Study: Mass. English, Math Performance
By J.D. Capelouto
BOSTON -- Massachusetts public schools’ performance in English and math has “deteriorated” since the state adopted education standards similar to Common Core in 2010, a new report by the Pioneer Institute, a Boston-based think tank, asserts.
The Pioneer study, released Tuesday, found that the educational quality in math and English has declined, and led a dip in scores on a national report card.
In 2010, Massachusetts adopted national Common Core standards for math and English -- a shift from what the state had been doing since it reformed the education system in the 1990s. The Board of Elementary and Secondary Education tweaked the standards slightly in March, resulting in what some deemed a rebrand of Common Core.
Common Core supporters argue that a national baseline for education is necessary, and Massachusetts -- widely considered the best state for public schools -- effectively prepares students.
“Since Massachusetts has adopted Common Core -- that’s what these standards are -- Massachusetts is now a negative growth state,” said Jamie Gass, director of Pioneer’s Center for School Reform. “We know that these are demonstrably weaker standards.”
The Pioneer study was conducted by three independent researchers from around the country. According to the institute, it is the first independent evaluation of the revised standards since the tweaks were approved in March.
Massachusetts went down two points on its reading score on the National Assessment of Educational Progress report card from 2011 to 2015 -- one of a handful of states that declined over that time period. In math, Massachusetts went down 4.4 points from 2011 to 2015.
Massachusetts overall still ranked first in the country under NAEP’s scoring in 2015, though the state’s score for eighth grade reading was one point behind New Hampshire’s.
“We are backsliding,” Gass said. “There really needs to be a kind of gut check here on how Massachusetts proceeds.”
Gov. Charlie Baker expressed opposition to Common Core before the 2010 adoption. A proposed 2016 initiative question would have asked voters to get rid of Common Core, but failed to make the ballot. Baker did not weigh in on the initiative last year.
Pioneer, which has established itself as solidly anti-Common Core, concluded that the state’s English standards do not adequately prepare students since they “brush aside knowledge of Western and English literary traditions,” one of the study authors, Emory University English professor Mark Bauerlein, said in a news release.
Gass said the English curriculum pushes for more multicultural texts (rather than American and English classics), but is not specific enough about how to implement them into courses.
“These kinds of [classic] texts not only teach us about our common humanity,” he said, “they bind together generations of citizens.”

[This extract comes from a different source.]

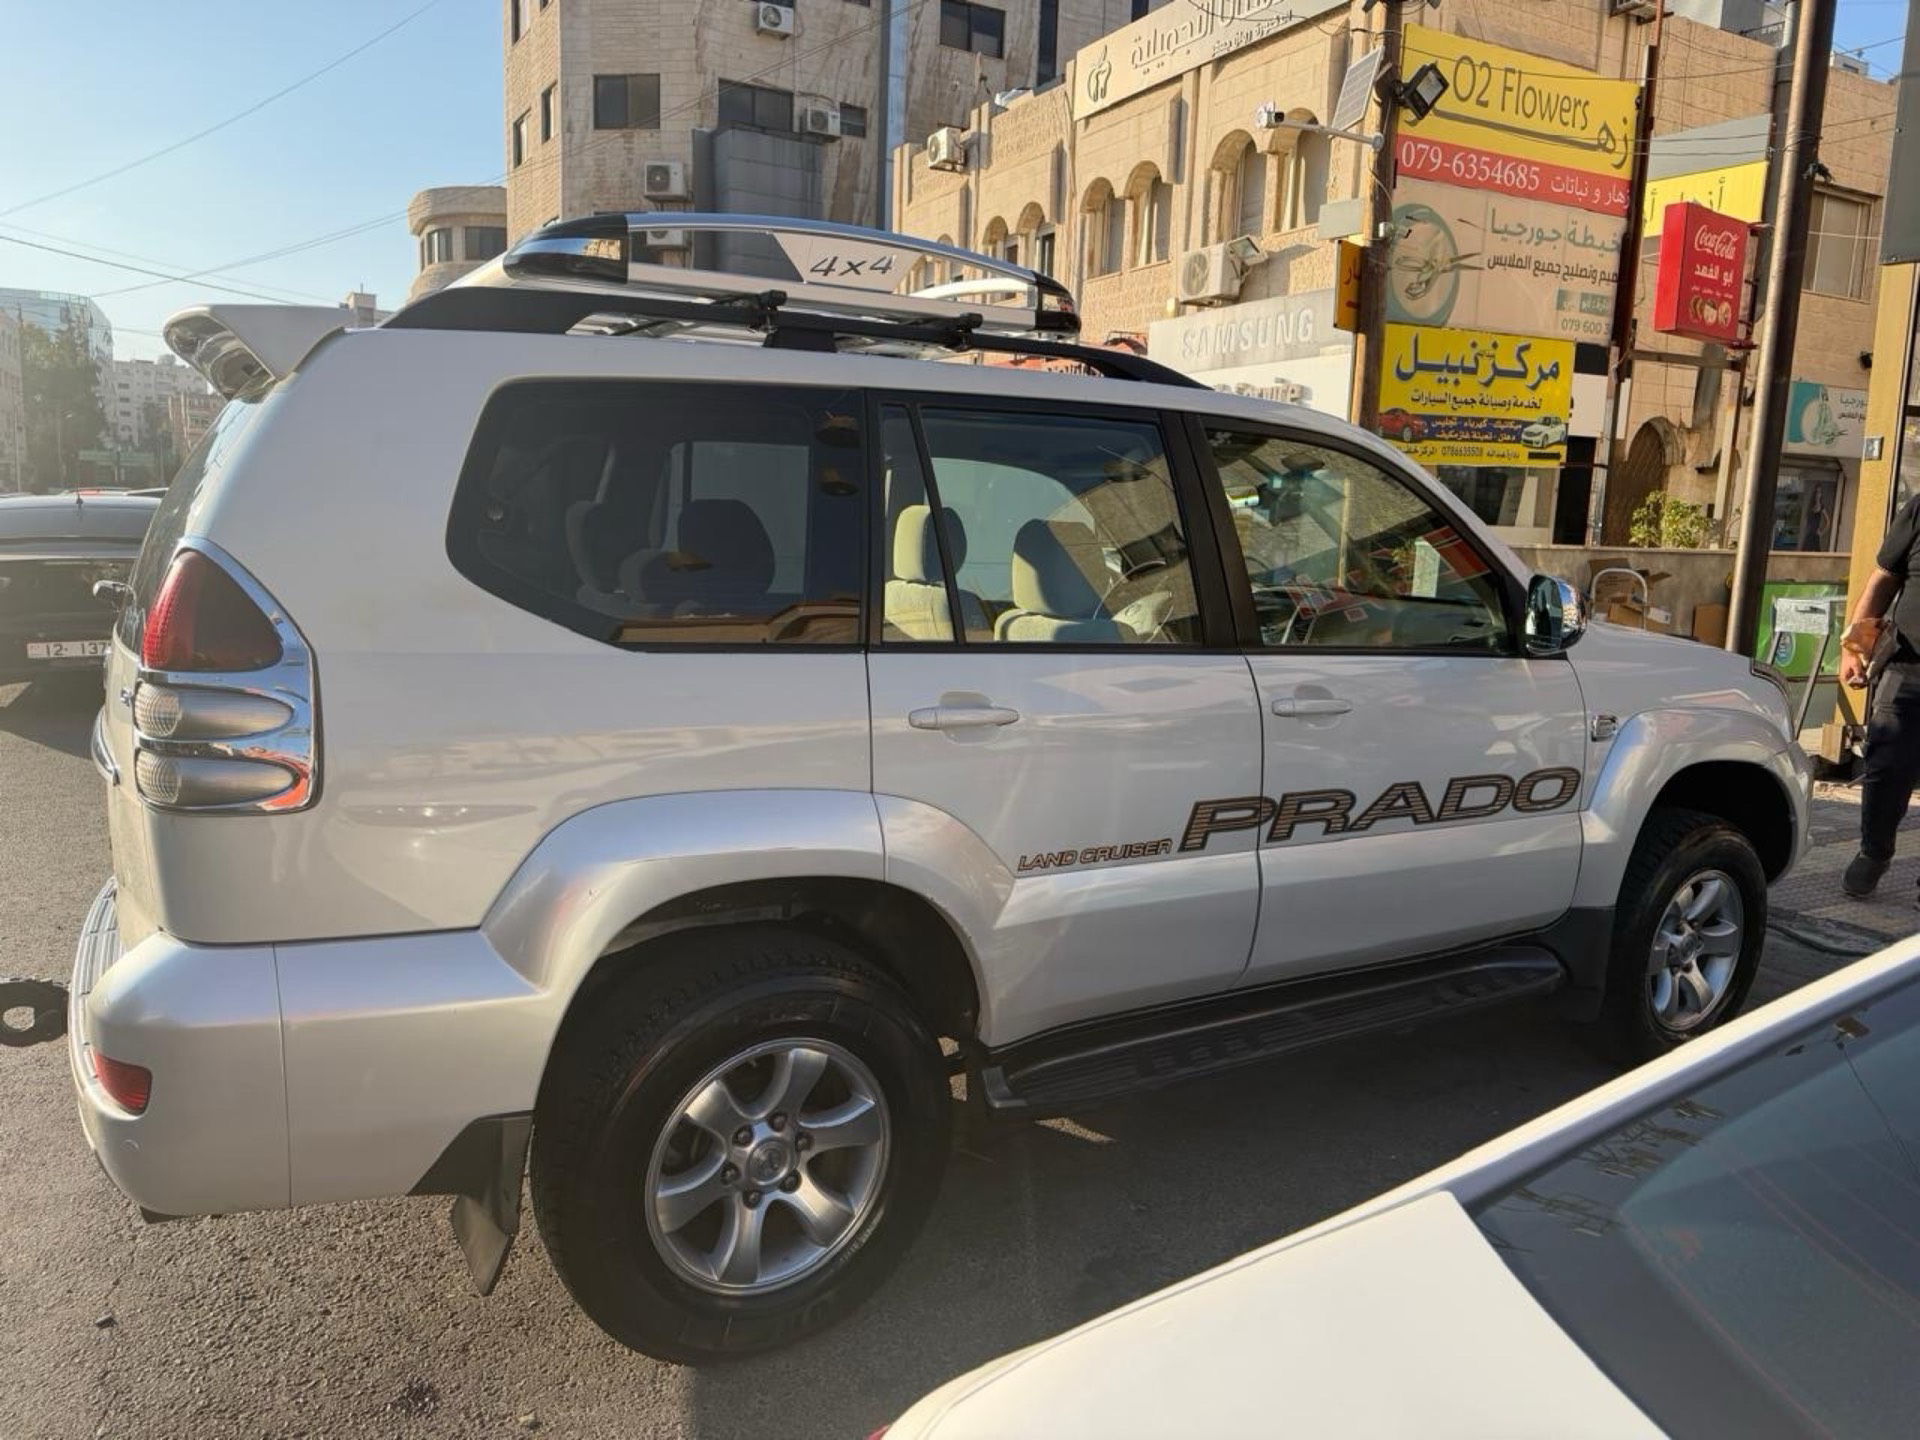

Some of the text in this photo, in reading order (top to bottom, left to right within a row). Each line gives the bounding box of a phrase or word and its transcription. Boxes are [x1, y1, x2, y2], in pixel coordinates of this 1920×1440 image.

In the math curriculum, students are not learning algebra early enough, the institute wrote in the report, leaving them behind students in countries like China and Japan.
Additionally, students do not typically learn ratios, percentages and properties until sixth grade in Massachusetts -- a statistic the Pioneer Institute found problematic.
“It now leaves kids in Massachusetts two or three years behind, and that’s a big problem,” Gass said of the math standards.
Barbara Madeloni, president of the Massachusetts Teachers Association, said the report is a “distraction” from more important issues facing public education. As an organization, the union does not take a position on Common Core.
Madeloni, who had not yet read the entire Pioneer study, said using major standardized tests -- such as the Massachusetts Comprehensive Assessment System -- to rank and measure achievement is “narrow and corrupting.” Pioneer wrote in its report that the MCAS tests have been “watered down to align to Common Core.”
“Using testing in a high-stakes manner is poisoning our schools,” Madeloni said. “It is giving not only a narrow curriculum, but a very narrow sense of what’s possible.”
The state’s Executive Office of Education was not available for comment.